They must be segregated... end of, cooked product is a high risk area and raw product is a low risk area. The standard states:

 

" Where high risk areas are part of the manufacturing site, there shall be physical segregation between these areas and other parts of the site. segregation shall take into account the flow of product, nature of materials, equipment, personnel, waste, airflow, and air quality and utilities provision (including drains). The location of transfer points shall not compromise the segregation between high risk and other areas of the factory. Practices shall be  in place to minimise risk of product contamination (e.g. disinfection of materials on entry).

Hi and thanks for your reply.

Let me explain the procedure :) The cooked product I am talking about is not 100% cooked and it s par-backed. So there is no high care area as we are not selling the par-baked product as ready to eat.

Although par-backed product is 95% cooked but  we have next cooking/baking step ( in store or at home ) by costumer which can eliminate any microbiological hazard.
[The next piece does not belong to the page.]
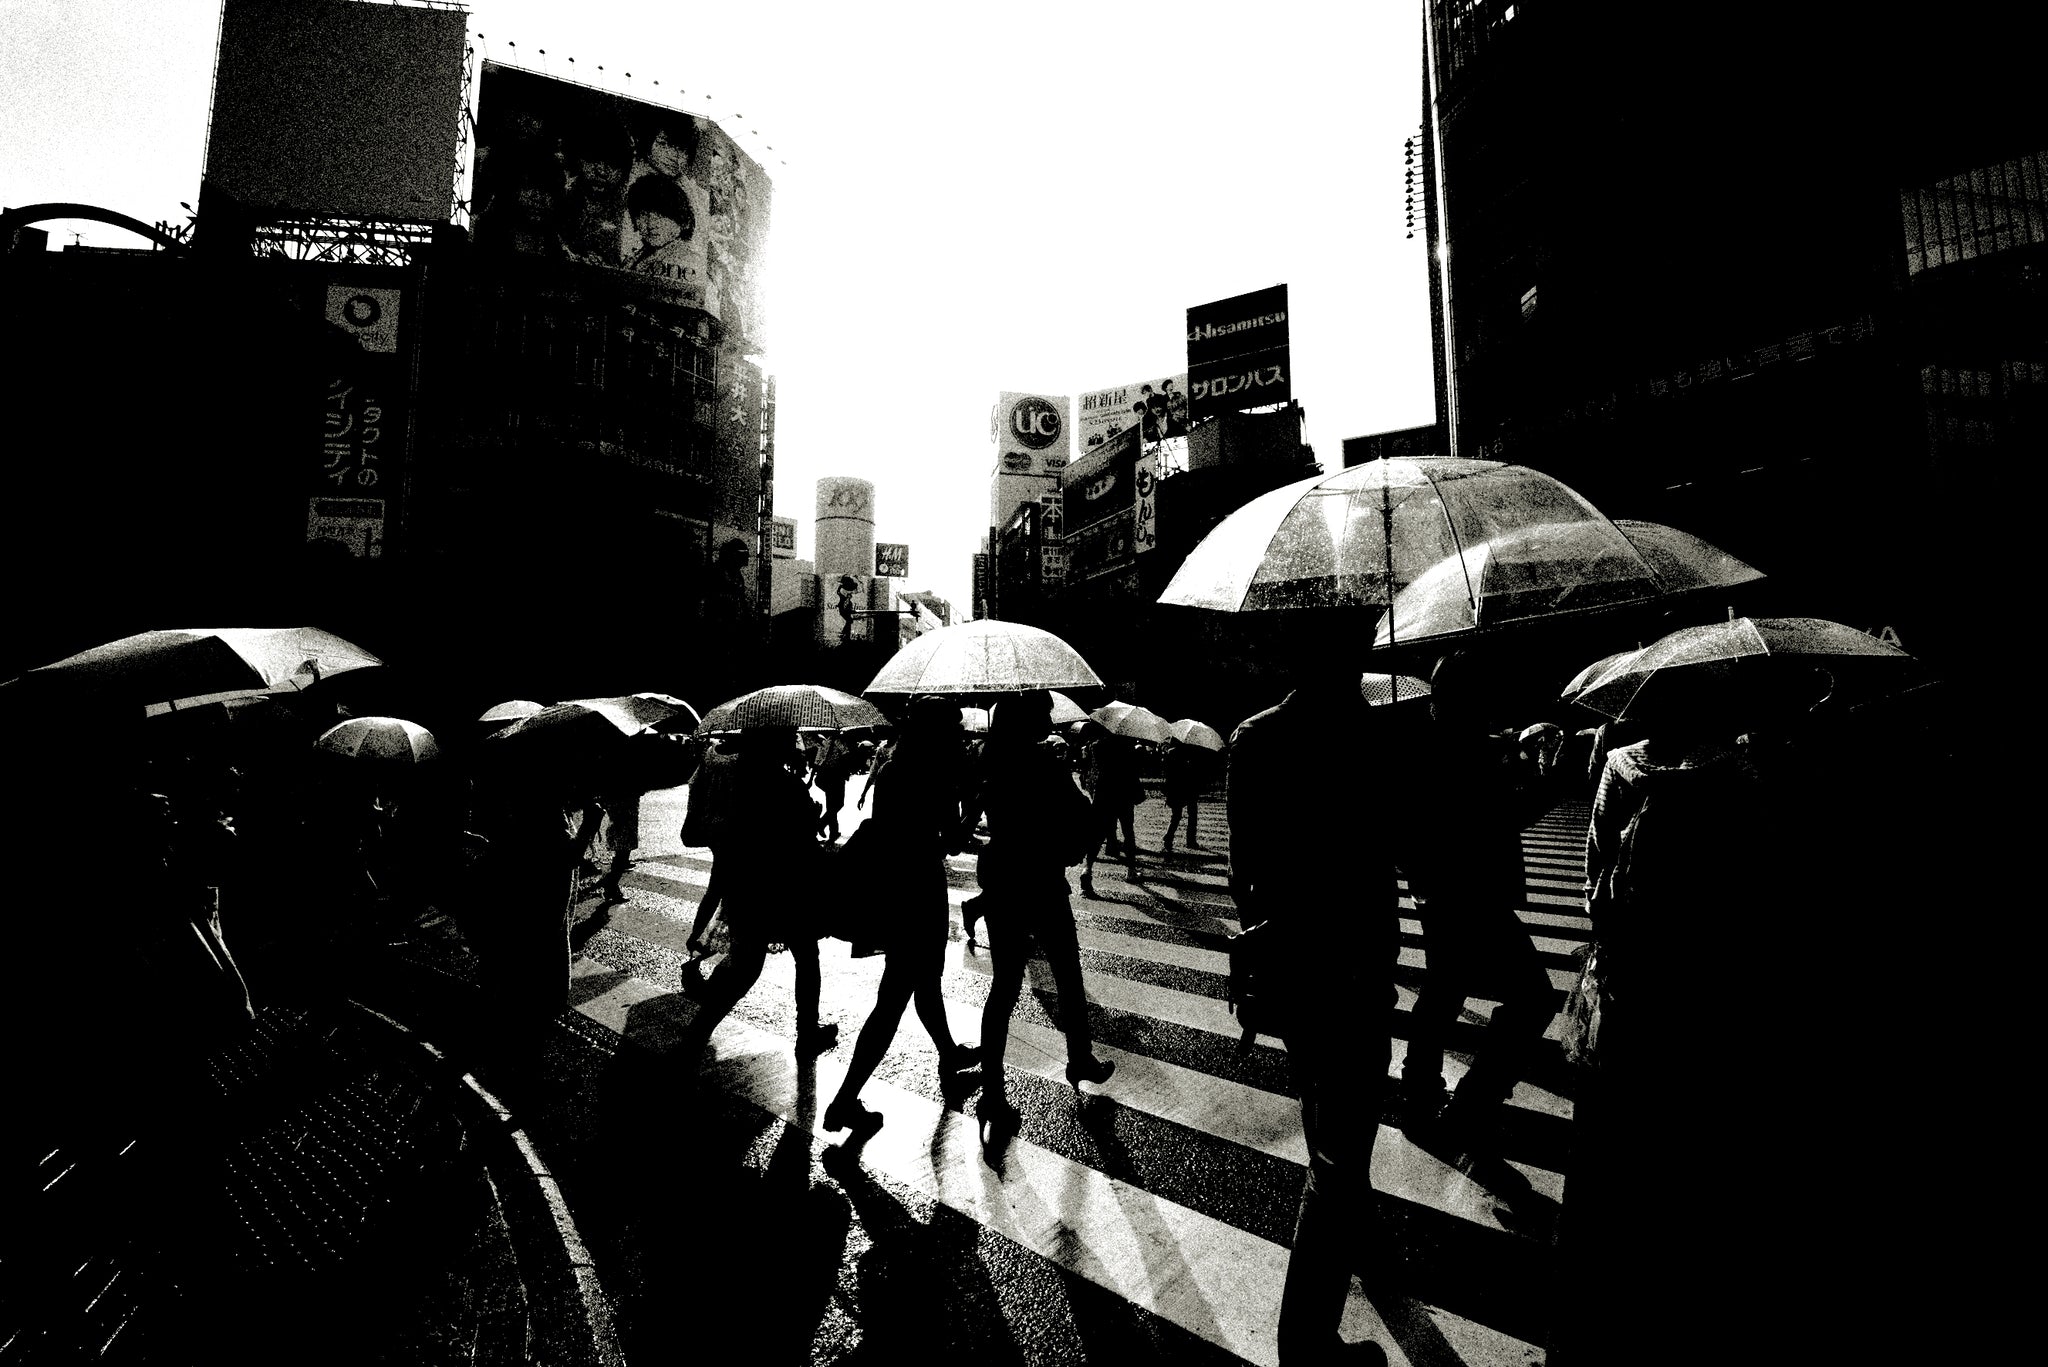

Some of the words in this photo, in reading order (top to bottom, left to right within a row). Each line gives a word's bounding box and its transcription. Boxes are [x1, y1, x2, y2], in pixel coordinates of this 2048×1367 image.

[1188, 311, 1286, 341] Hisamitsu
[1191, 364, 1285, 400] サロンパス
[324, 379, 353, 485] イシティ
[1045, 459, 1067, 468] VISA
Both area is medium care , with exposed finished product . Just one product is frozen, and another one is par-baked .

trubertq,

 

Thks for the sec. 4.3.5

 

The word "expected" was perhaps poorly chosen inasmuch as sec.4.3.5 uses "shall". "Required" seems more appropriate.

 

Curiously, the above phraseology is repeated identically for high-care products although the related sec.4.3.6 uses "should" due, presumably, to the additional stated option.

 

I daresay "expected" just happened to be handy at the time of BRC's drafting the standard.

 

"Newly" also pops up in another strange paragraph. i won't try to analyse/interpret this one. :smile:

Yes, This one a bit confusing as both products at the same production area are not ready –to eat. No high care area. Just one is raw frozen, one is cooked frozen ! 

Hi Atessa,

 

Thank you for the expansions and Yes, the process details do have a few confusions. :smile:

 

Are you actually generating the parbaked product ("parbaked" seems similar to what I call "precooked"  but "more" cooked-baked :smile: )  yourself or is your total operation one of packing only ?

 

I was unable to find any usage of the term "medium care" in UK version - BRC7. (though i recall TESCO UK confusingly invented (or perhaps borrowed) it for their own FS system).

 

Australian version of  BRC7 perhaps ?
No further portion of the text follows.